(Records supplied Opens)
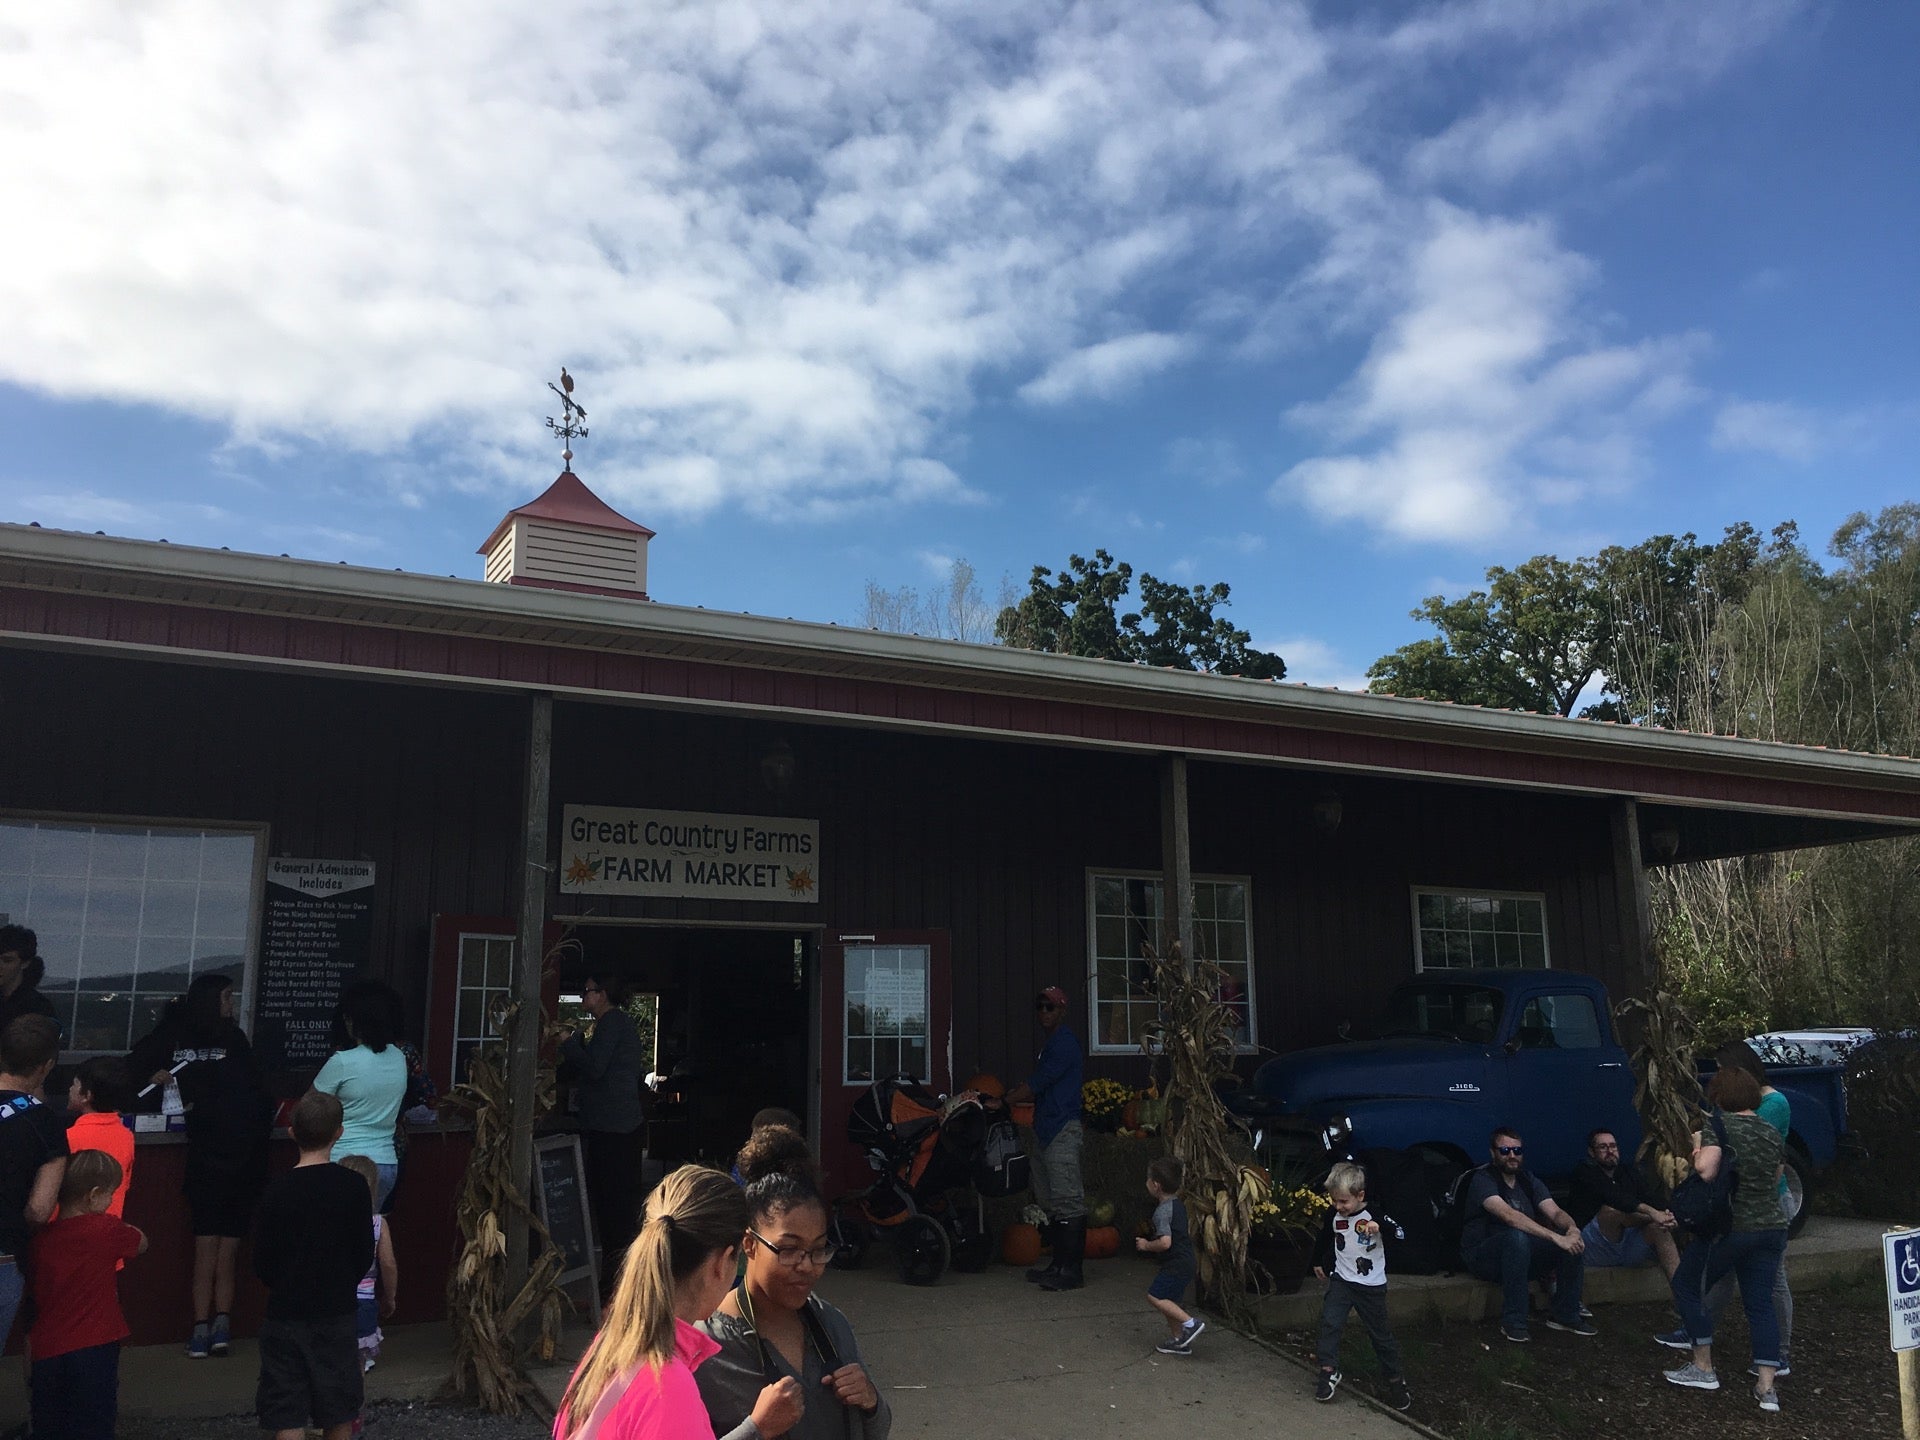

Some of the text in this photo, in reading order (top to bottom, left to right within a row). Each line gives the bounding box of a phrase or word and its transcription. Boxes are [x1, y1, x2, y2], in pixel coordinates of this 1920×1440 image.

[571, 816, 812, 854] Great Country Farms
[274, 861, 369, 876] General Admission
[603, 856, 781, 887] FARM MARKET
[299, 876, 343, 889] Includes
[285, 1020, 333, 1029] FALL ONLY
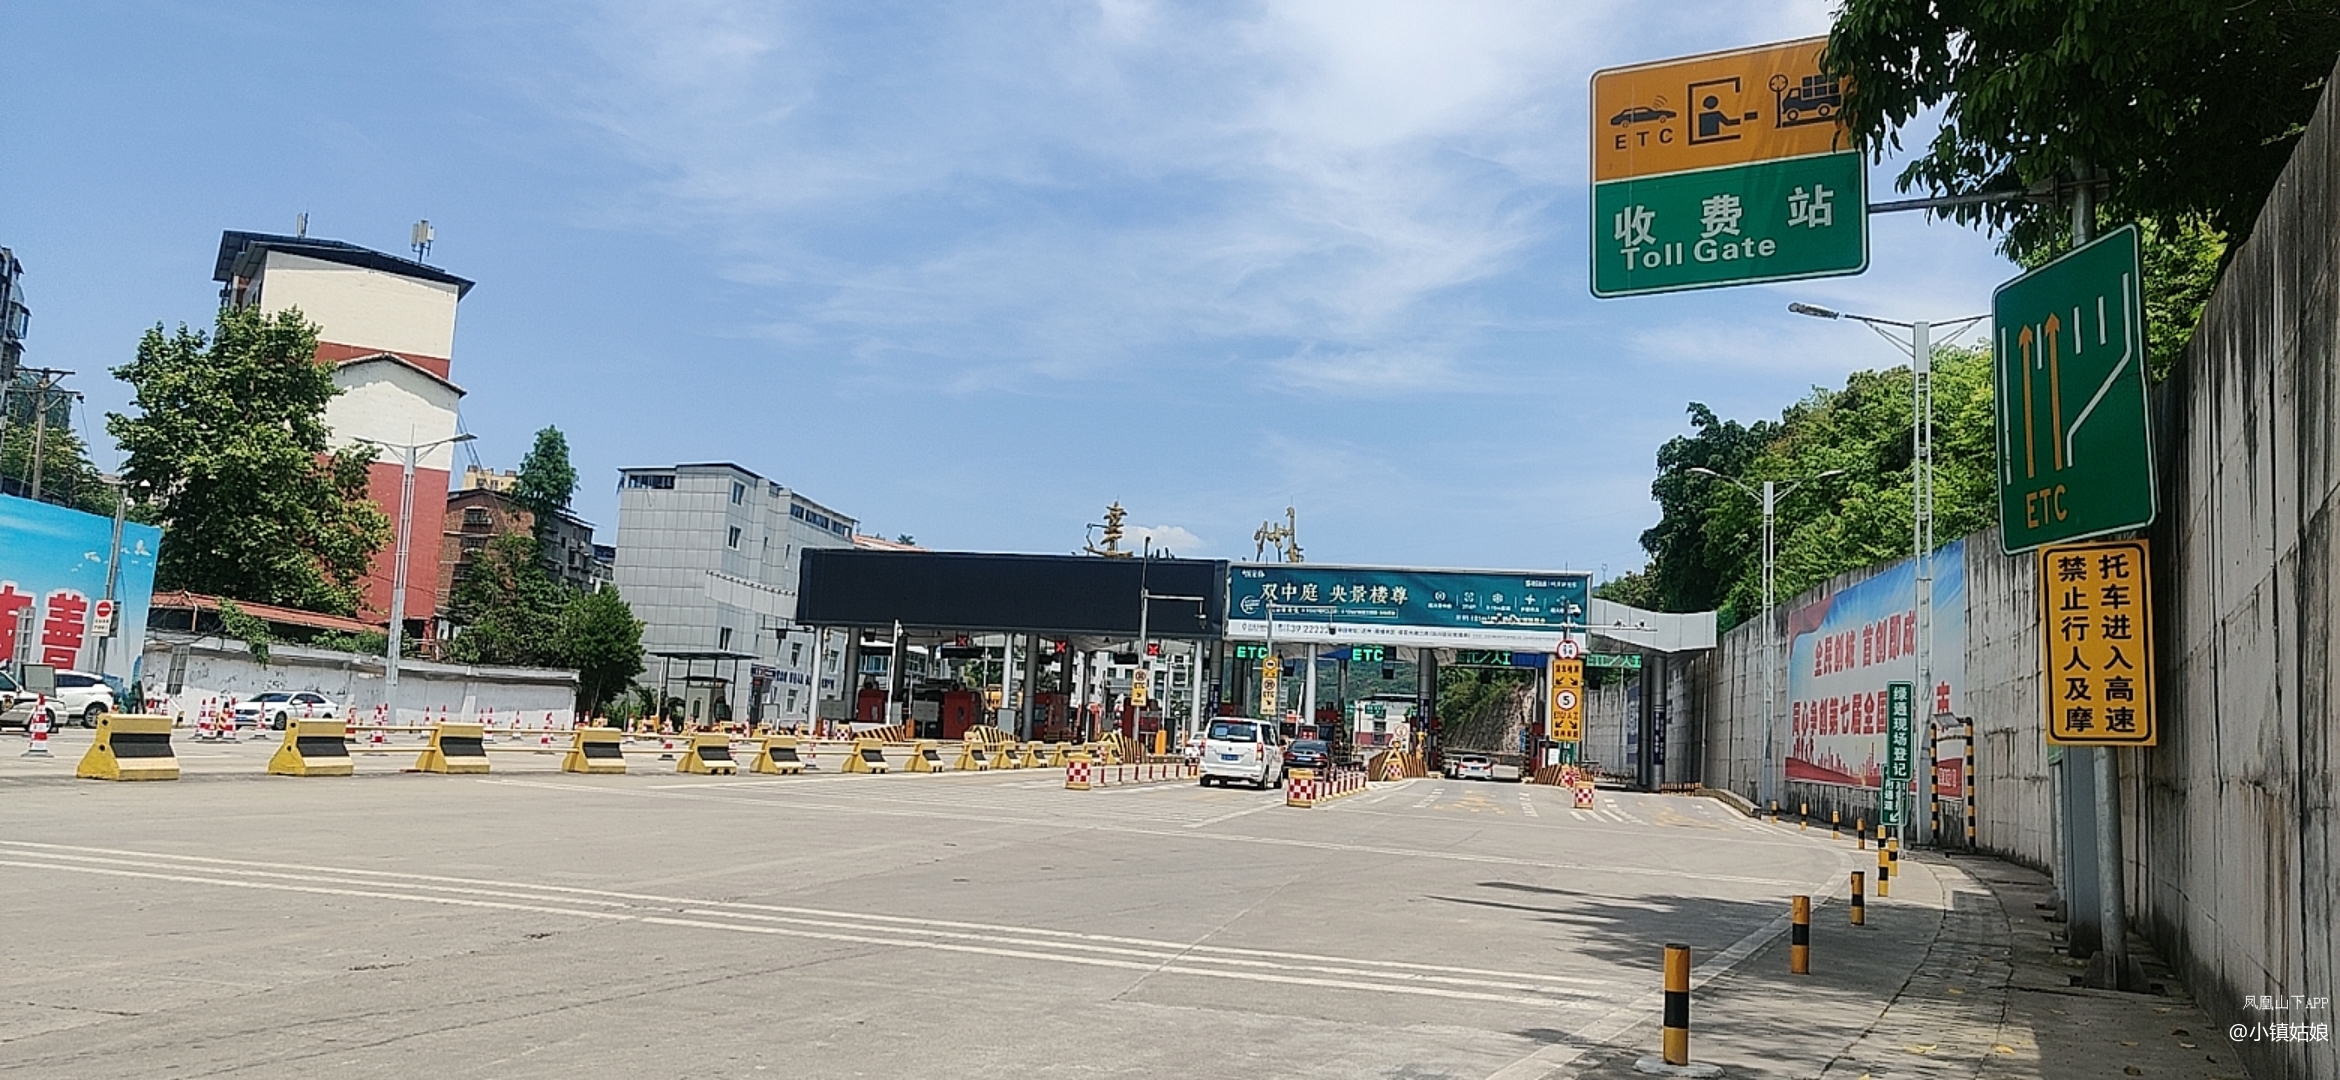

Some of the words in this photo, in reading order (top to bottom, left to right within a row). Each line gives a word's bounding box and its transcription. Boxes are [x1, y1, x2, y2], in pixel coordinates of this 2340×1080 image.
(Records supplied Closes)
Output each record above exactly as it stands, excluding all pictures.

* Solution to this exercise:
Some of the text in this photo, in reading order (top to bottom, left to right within a row). Each line gives the bounding box of a phrase or word and its transcription. Boxes are [x1, y1, x2, y2], in pixel coordinates of this 1920×1440 image.

[571, 816, 812, 854] Great Country Farms
[274, 861, 369, 876] General Admission
[603, 856, 781, 887] FARM MARKET
[299, 876, 343, 889] Includes
[285, 1020, 333, 1029] FALL ONLY

Some of the words in this photo, in reading order (top to bottom, left to right within a row). Each line gives a word's bounding box and its transcription. Boxes are [x1, y1, x2, y2], in pixel coordinates of this 2340×1080 image.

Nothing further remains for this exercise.